═══ Given entries

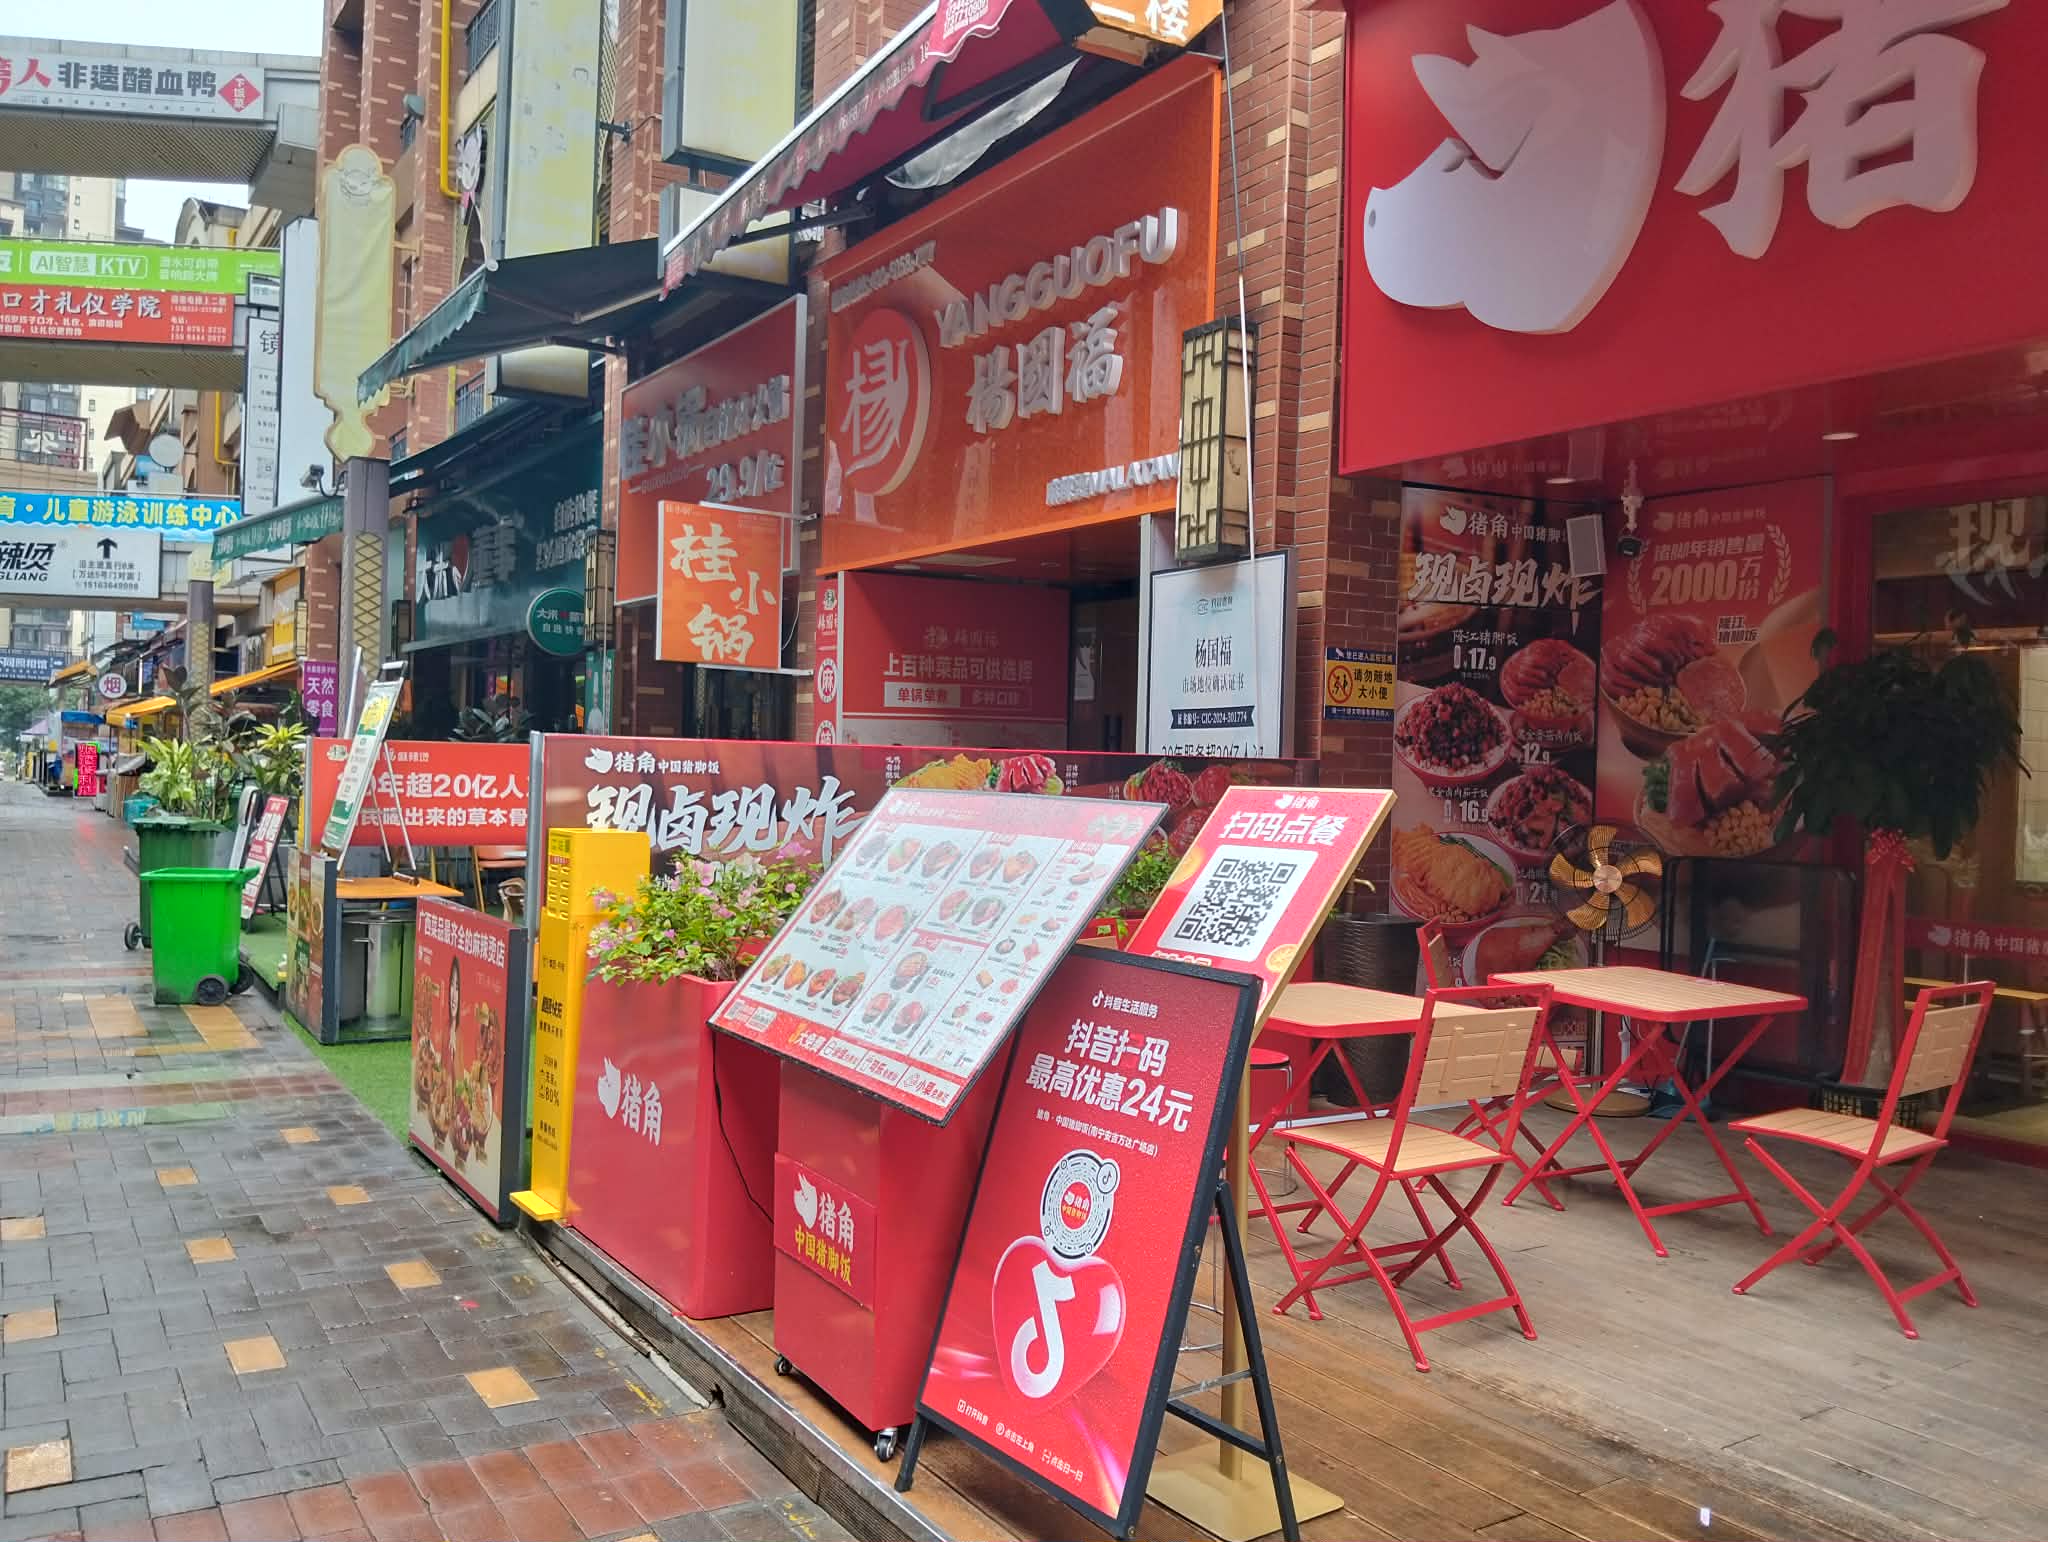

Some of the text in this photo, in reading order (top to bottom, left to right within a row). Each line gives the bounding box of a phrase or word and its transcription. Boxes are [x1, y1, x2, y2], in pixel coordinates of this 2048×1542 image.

[57, 61, 217, 97] 非遗醋血鸭
[1674, 0, 1999, 260] 猪
[100, 256, 141, 276] KTV
[934, 207, 1179, 348] YANGGUOFU
[2, 288, 162, 319] 口才礼仪学院
[1468, 511, 1509, 539] 猪角
[1935, 496, 2048, 606] 现
[1648, 558, 1738, 607] 2000
[1194, 635, 1233, 669] 杨国福
[104, 677, 121, 693] 烟
[306, 677, 335, 695] 天然
[614, 750, 721, 776] 猪角 中国猪脚饭
[354, 807, 529, 829] 民喝出来的草本骨
[586, 776, 874, 876] 现卤现炸
[1218, 811, 1349, 847] 扫码点餐
[1103, 994, 1159, 1019] 抖音生活服务
[1063, 1018, 1170, 1078] 抖音扫码
[620, 1072, 664, 1147] 猪角
[1025, 1052, 1195, 1133] 最高优惠24元
[818, 1191, 855, 1254] 猪角
[794, 1223, 853, 1287] 中国猪脚饭
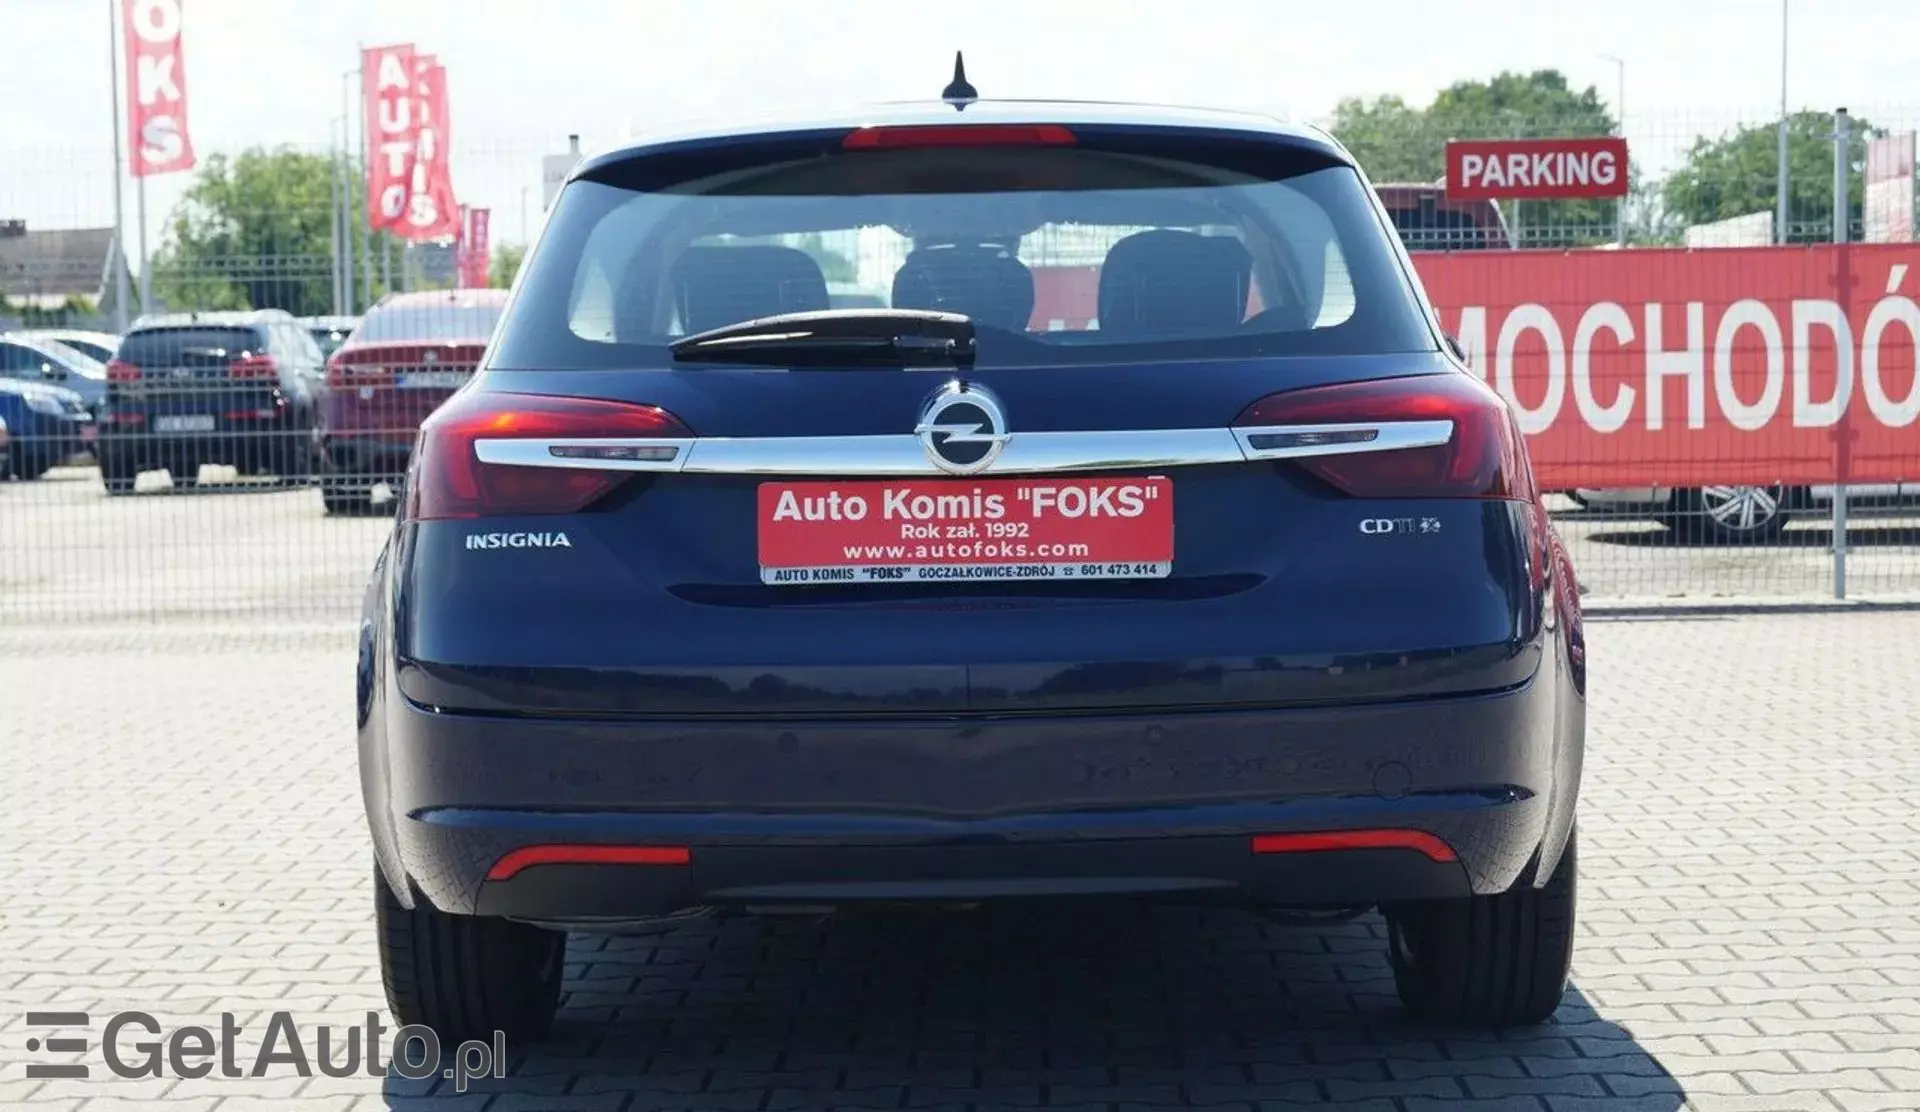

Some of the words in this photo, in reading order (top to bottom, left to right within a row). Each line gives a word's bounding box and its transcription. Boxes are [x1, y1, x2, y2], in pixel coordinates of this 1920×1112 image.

[132, 0, 184, 165] OKS
[378, 53, 412, 221] AUTO
[1461, 151, 1617, 188] PARKING
[773, 490, 868, 521] Auto
[883, 488, 1005, 520] Komis
[1017, 485, 1158, 518] "FOKS"
[901, 523, 940, 540] Rok
[946, 522, 979, 538] zał.
[985, 522, 1030, 538] 1992
[1360, 518, 1415, 534] CDTI
[466, 532, 572, 550] INSIGNIA
[843, 541, 1089, 559] www.autofoks.com
[775, 569, 808, 582] AUTO
[813, 568, 855, 581] KOMIS
[919, 564, 1055, 580] GOCZAŁKOWICE-ZDRÓJ
[1081, 564, 1103, 576] 601
[1107, 564, 1130, 575] 473
[1134, 563, 1157, 575] 414
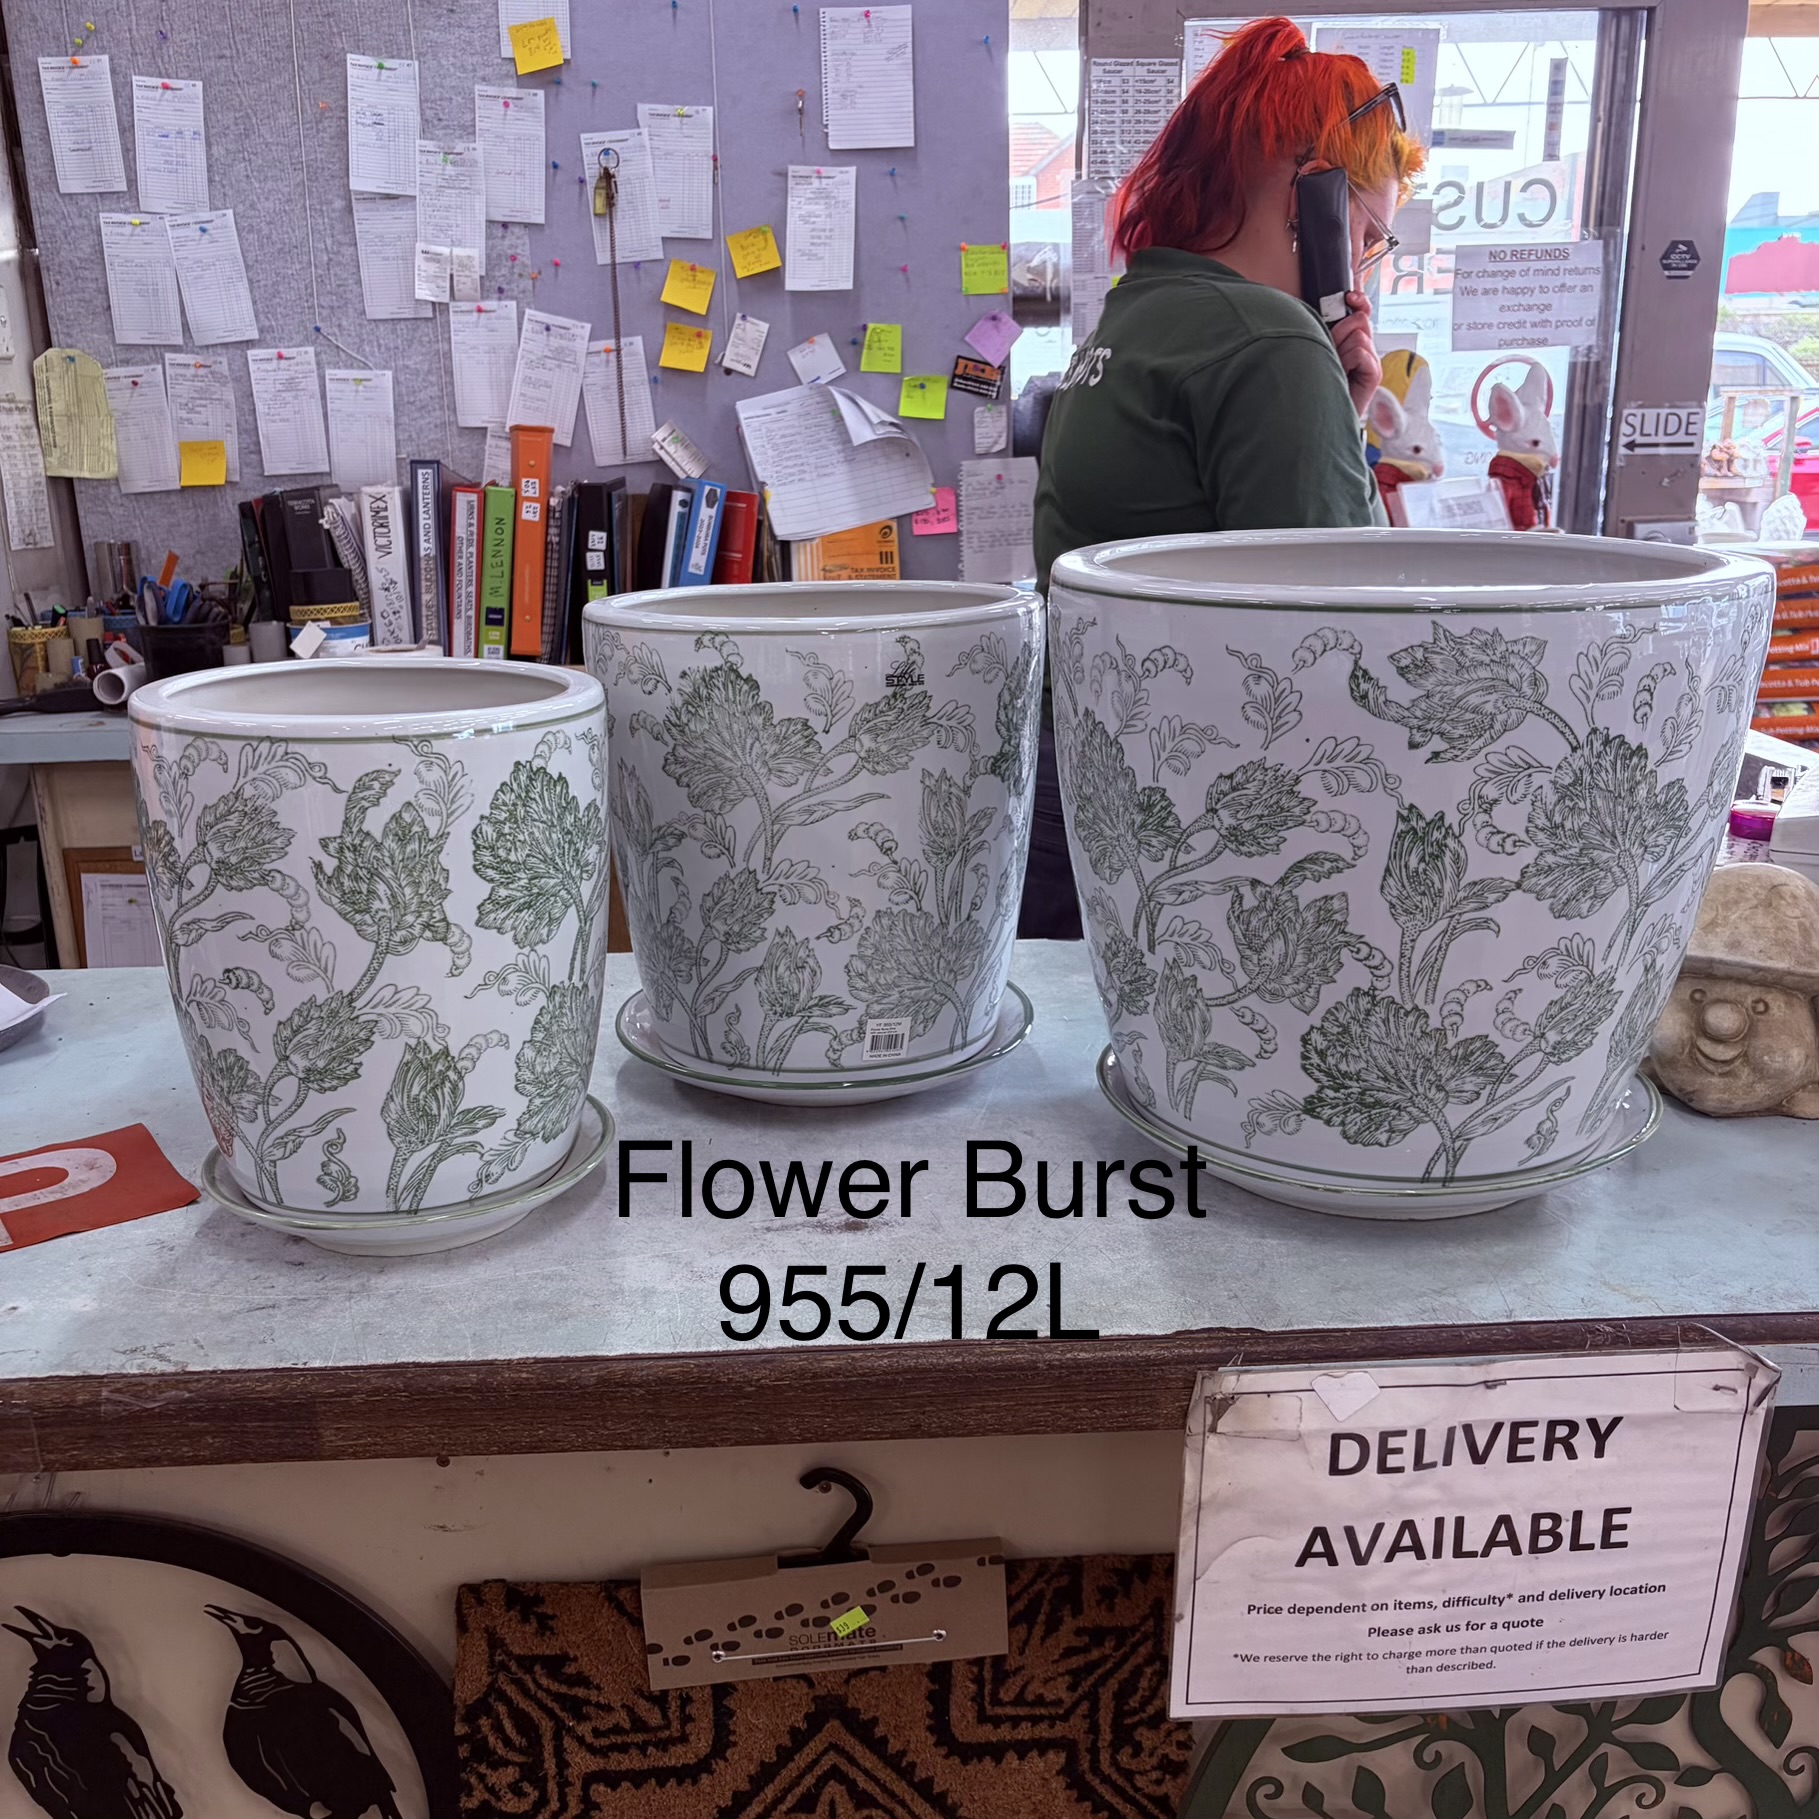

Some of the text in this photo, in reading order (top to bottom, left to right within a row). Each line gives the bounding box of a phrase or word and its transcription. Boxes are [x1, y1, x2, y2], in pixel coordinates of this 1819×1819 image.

[1489, 248, 1570, 261] NO REFUNDS
[1455, 268, 1473, 279] For
[1476, 268, 1516, 280] change
[1519, 267, 1530, 277] of
[1533, 266, 1560, 276] mind
[1459, 283, 1593, 297] We are happy to offer an
[1499, 302, 1552, 314] exchange
[1466, 321, 1493, 330] store
[1497, 320, 1526, 329] credit
[1530, 319, 1552, 328] with
[1555, 317, 1583, 329] proof
[1498, 337, 1549, 348] purchase
[1622, 411, 1699, 437] SLIDE
[421, 471, 431, 520] LANTERNS
[423, 523, 432, 543] AND
[456, 536, 464, 560] OTHER
[423, 547, 434, 594] BUDDHAS
[455, 579, 463, 620] FOUNTAINS
[886, 674, 924, 684] STYLE
[1328, 1415, 1625, 1477] DELIVERY
[1294, 1506, 1633, 1568] AVAILABLE
[1247, 1604, 1283, 1615] Price
[1287, 1602, 1367, 1616] dependent
[1371, 1601, 1389, 1611] on
[1393, 1599, 1438, 1611] items,
[1518, 1591, 1544, 1603] and
[1548, 1587, 1606, 1601] delivery
[1609, 1583, 1666, 1596] location
[836, 1622, 850, 1633] $39
[1367, 1618, 1544, 1638] Please ask us for a quote
[1263, 1653, 1308, 1662] reserve
[1312, 1653, 1331, 1662] the
[1335, 1652, 1363, 1663] right
[1366, 1651, 1379, 1661] to
[1382, 1649, 1422, 1660] charge
[1425, 1647, 1457, 1657] more
[1460, 1644, 1487, 1654] than
[1490, 1641, 1532, 1655] quoted
[1535, 1640, 1544, 1650] if
[1547, 1639, 1566, 1649] the
[1569, 1635, 1615, 1647] delivery
[1618, 1634, 1627, 1643] is
[1630, 1631, 1669, 1642] harder
[1406, 1660, 1496, 1674] than described.

══════

What you need to do:
Transcribe, word for word, every line from the one containing "this 1819×1819 image." through the final line of the entries, and nothing else.

Exercise solution:
Some of the text in this photo, in reading order (top to bottom, left to right within a row). Each line gives the bounding box of a phrase or word and its transcription. Boxes are [x1, y1, x2, y2], in pixel coordinates of this 1819×1819 image.

[1489, 248, 1570, 261] NO REFUNDS
[1455, 268, 1473, 279] For
[1476, 268, 1516, 280] change
[1519, 267, 1530, 277] of
[1533, 266, 1560, 276] mind
[1459, 283, 1593, 297] We are happy to offer an
[1499, 302, 1552, 314] exchange
[1466, 321, 1493, 330] store
[1497, 320, 1526, 329] credit
[1530, 319, 1552, 328] with
[1555, 317, 1583, 329] proof
[1498, 337, 1549, 348] purchase
[1622, 411, 1699, 437] SLIDE
[421, 471, 431, 520] LANTERNS
[423, 523, 432, 543] AND
[456, 536, 464, 560] OTHER
[423, 547, 434, 594] BUDDHAS
[455, 579, 463, 620] FOUNTAINS
[886, 674, 924, 684] STYLE
[1328, 1415, 1625, 1477] DELIVERY
[1294, 1506, 1633, 1568] AVAILABLE
[1247, 1604, 1283, 1615] Price
[1287, 1602, 1367, 1616] dependent
[1371, 1601, 1389, 1611] on
[1393, 1599, 1438, 1611] items,
[1518, 1591, 1544, 1603] and
[1548, 1587, 1606, 1601] delivery
[1609, 1583, 1666, 1596] location
[836, 1622, 850, 1633] $39
[1367, 1618, 1544, 1638] Please ask us for a quote
[1263, 1653, 1308, 1662] reserve
[1312, 1653, 1331, 1662] the
[1335, 1652, 1363, 1663] right
[1366, 1651, 1379, 1661] to
[1382, 1649, 1422, 1660] charge
[1425, 1647, 1457, 1657] more
[1460, 1644, 1487, 1654] than
[1490, 1641, 1532, 1655] quoted
[1535, 1640, 1544, 1650] if
[1547, 1639, 1566, 1649] the
[1569, 1635, 1615, 1647] delivery
[1618, 1634, 1627, 1643] is
[1630, 1631, 1669, 1642] harder
[1406, 1660, 1496, 1674] than described.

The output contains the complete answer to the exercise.